Gusen

SS Camp Physicians

"Pathological Collection", photographed between mid-1941 and 1945. (photo credits: Mauthausen Memorial / Collections)"Pathological Collection", photographed between mid-1941 and 1945. (photo credits: Mauthausen Memorial / Collections)The SS camp physicians were not accountable to camp headquarters but to the SS regional chief physician, who received his instructions from Berlin central command. In the course of its existence, a total of 16 SS doctors practised at Gusen. Rather than dedicating themselves to the preservation of the prisoners’ life and health, they primarily regarded them as guinea pigs for surgery training or the testing of new drugs. Almost all of the SS camp physicians, who were also in charge of the selection of sick inmates, murdered prisoners by means of lethal injection or had them killed by SS orderlies or prison trustees.

The last of the SS camp physicians at Gusen was Helmuth Vetter. Simultaneously employed by I.G. Farben, he continued a series of tests of anti-typhus and anti-TCB drugs that he had begun during his time at the Auschwitz concentration camp. Those inmates who survived the tests themselves were murdered by cardiac injection. The precise number of victims of such experiments is not known. During the second Mauthausen trial at Dachau, Vetter was sentenced to death and hanged in 1949.

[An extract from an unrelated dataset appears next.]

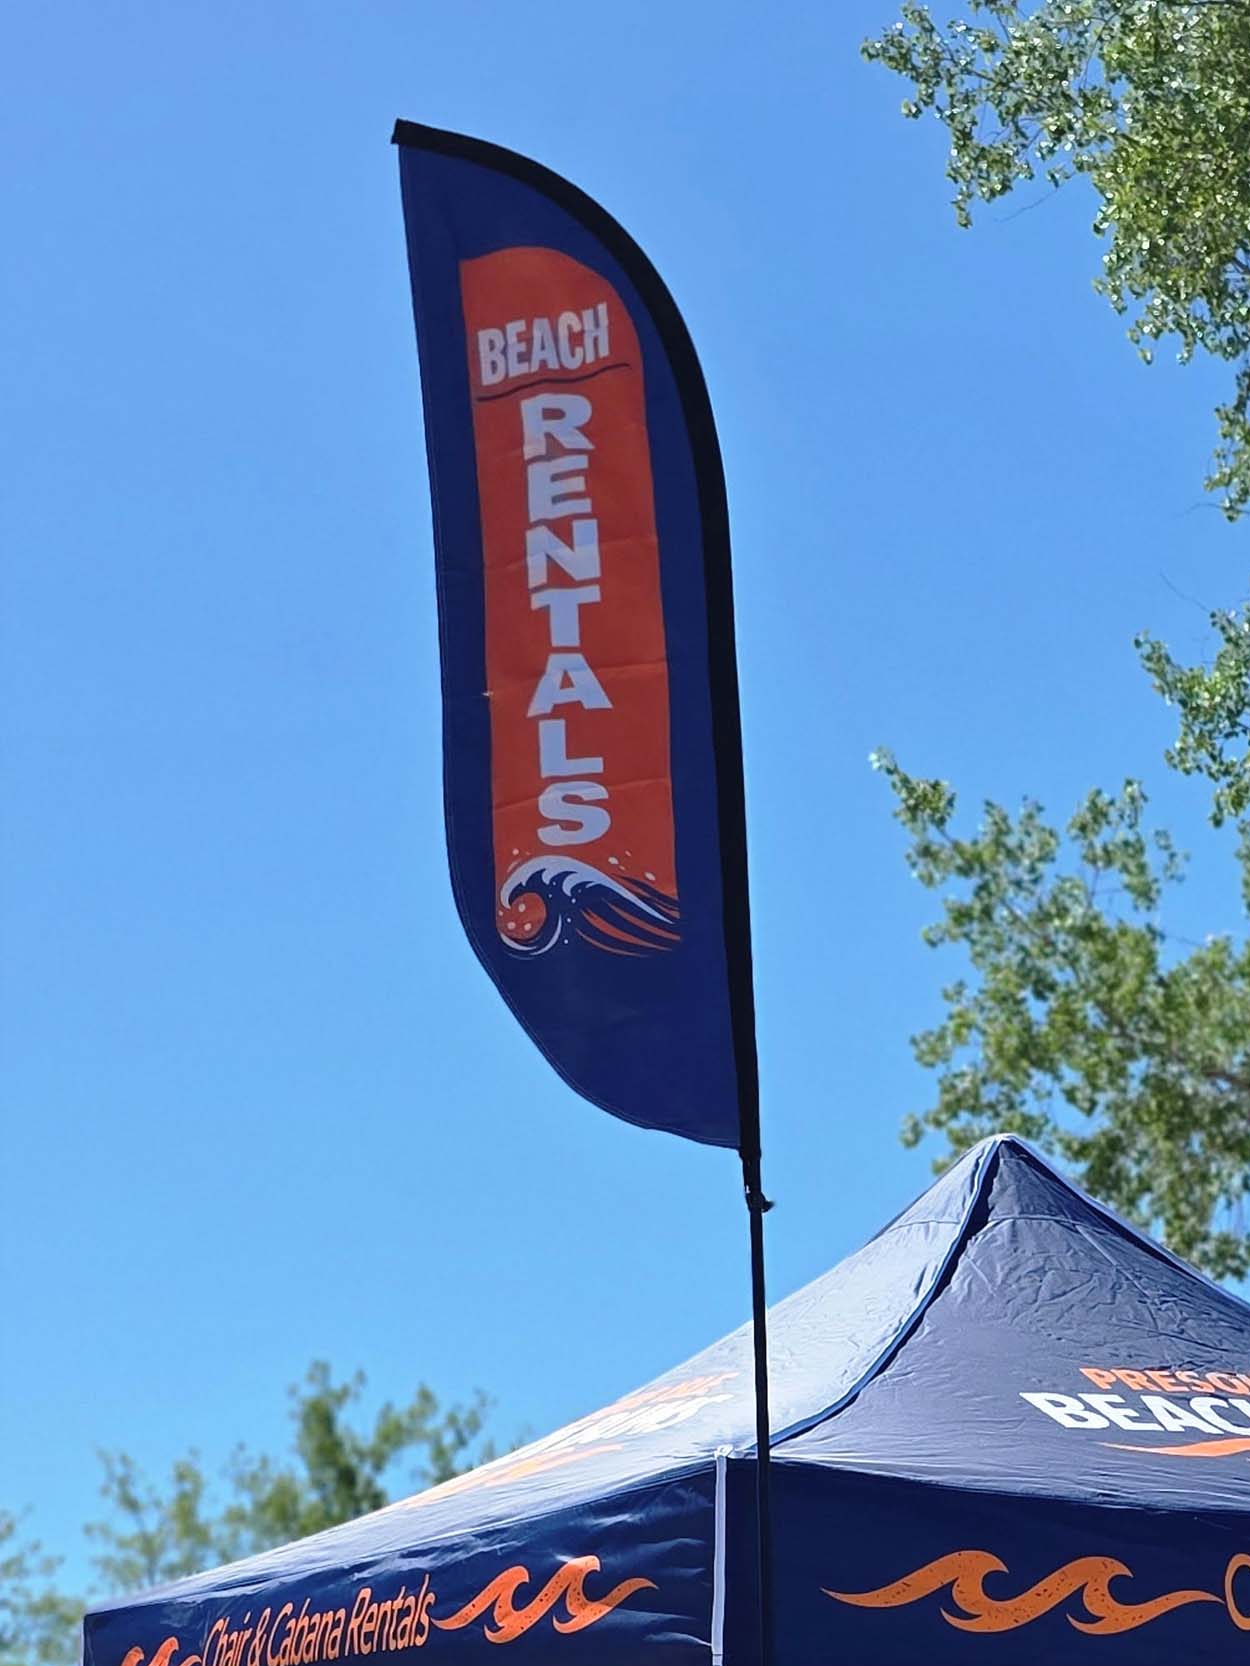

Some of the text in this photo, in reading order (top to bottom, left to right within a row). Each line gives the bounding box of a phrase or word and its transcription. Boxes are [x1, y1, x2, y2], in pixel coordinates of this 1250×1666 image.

[477, 303, 611, 386] BEACH
[521, 393, 612, 846] RENTALS
[345, 1573, 437, 1656] Rentals
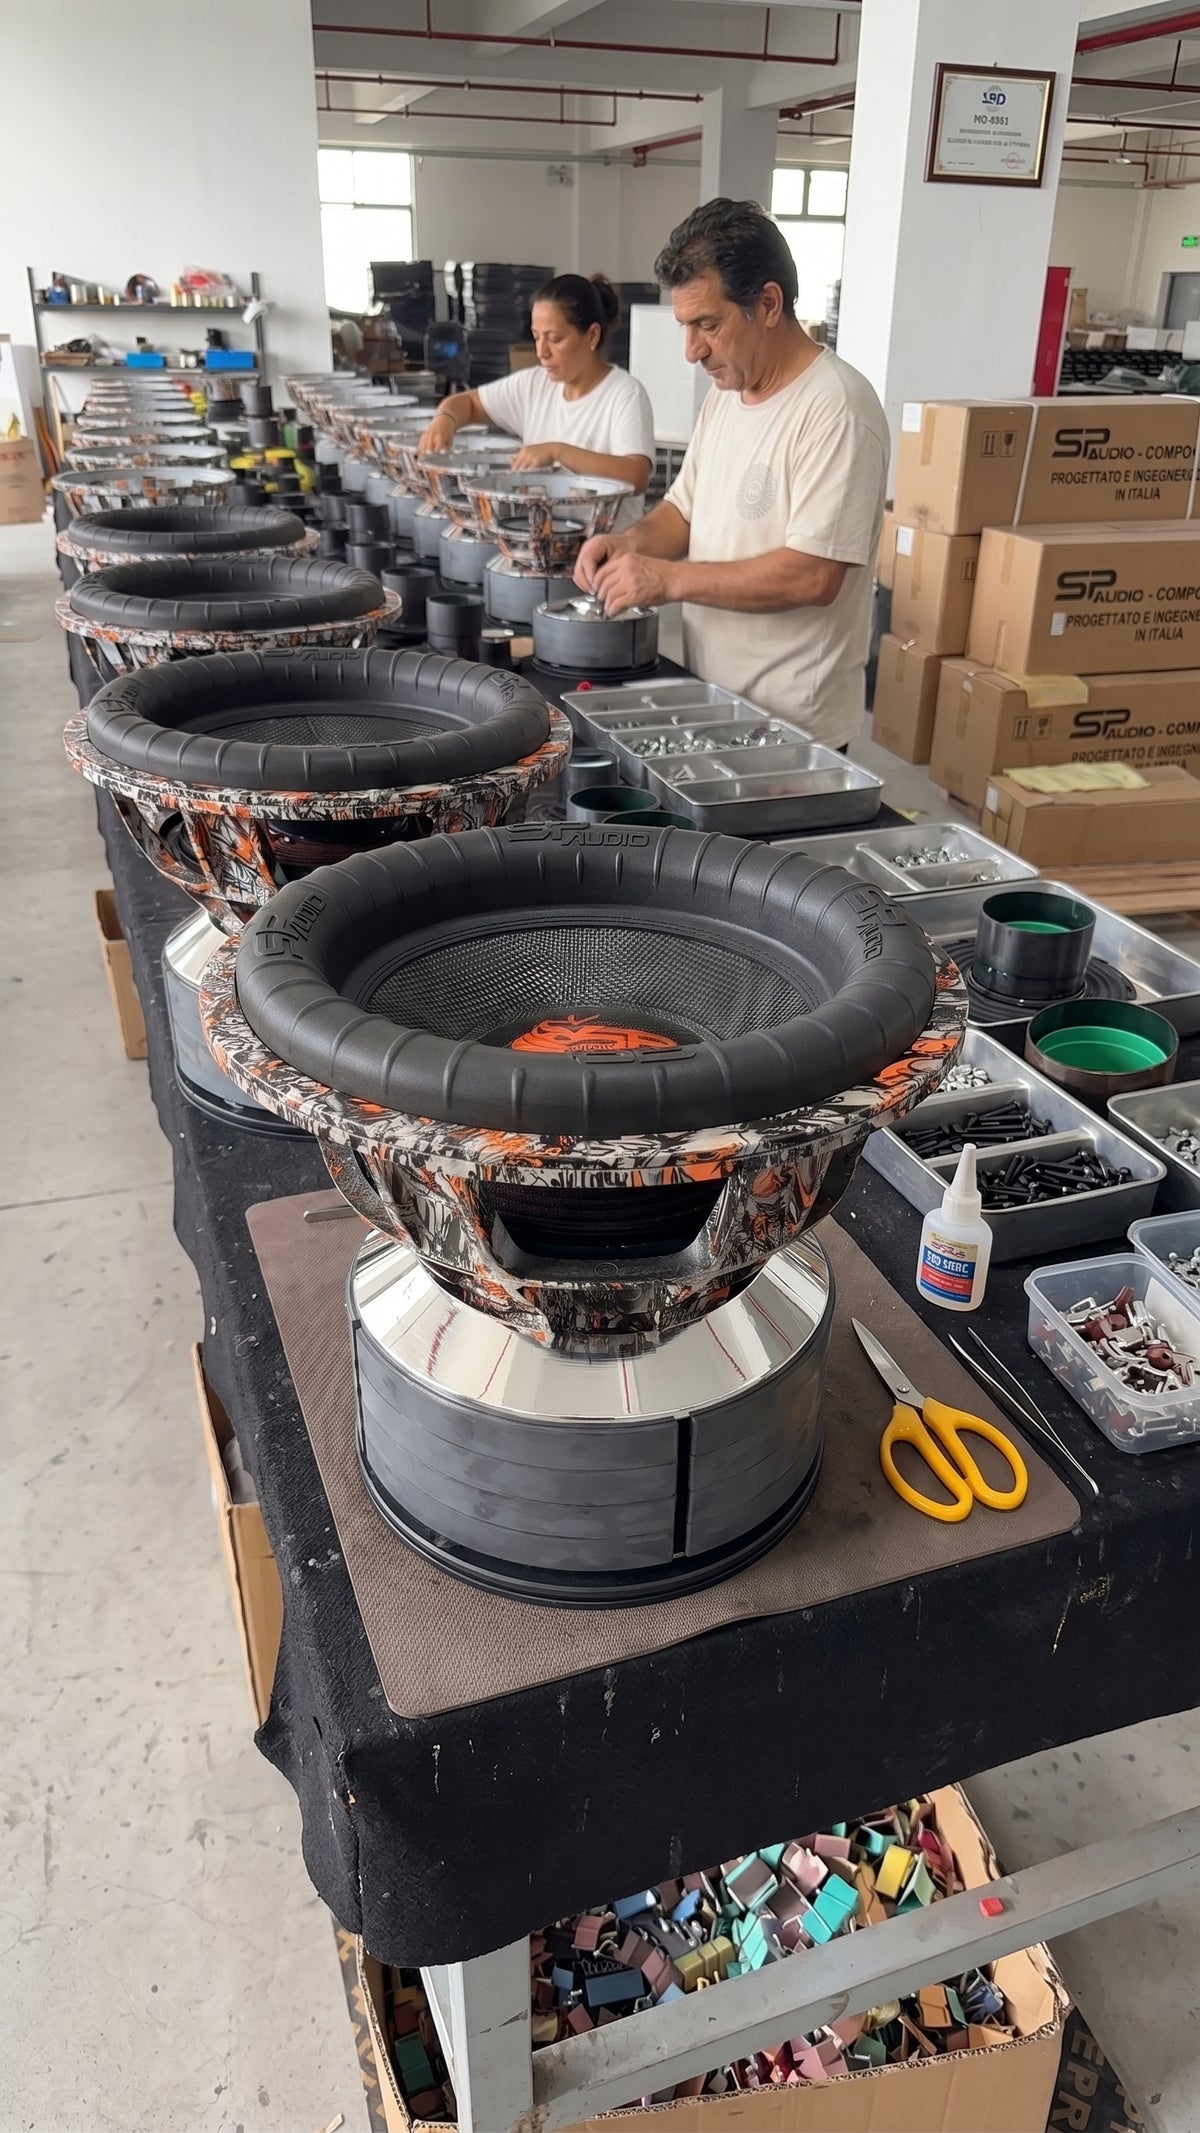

The "pathological department"

Attached to the sick ward was a pathological department including an anatomical museum. Inmates with physical characteristics or distinguishing marks the SS physicians considered abnormal or simply interesting, such as tattoos, were killed by means of cardiac injection and dissected for specimen. The anatomical museum would eventually house 286 such specimen as well as a comprehensive portfolio of tattooed human skin. Most of the specimen were sent to the SS Medical Academy in Graz or sold to various universities.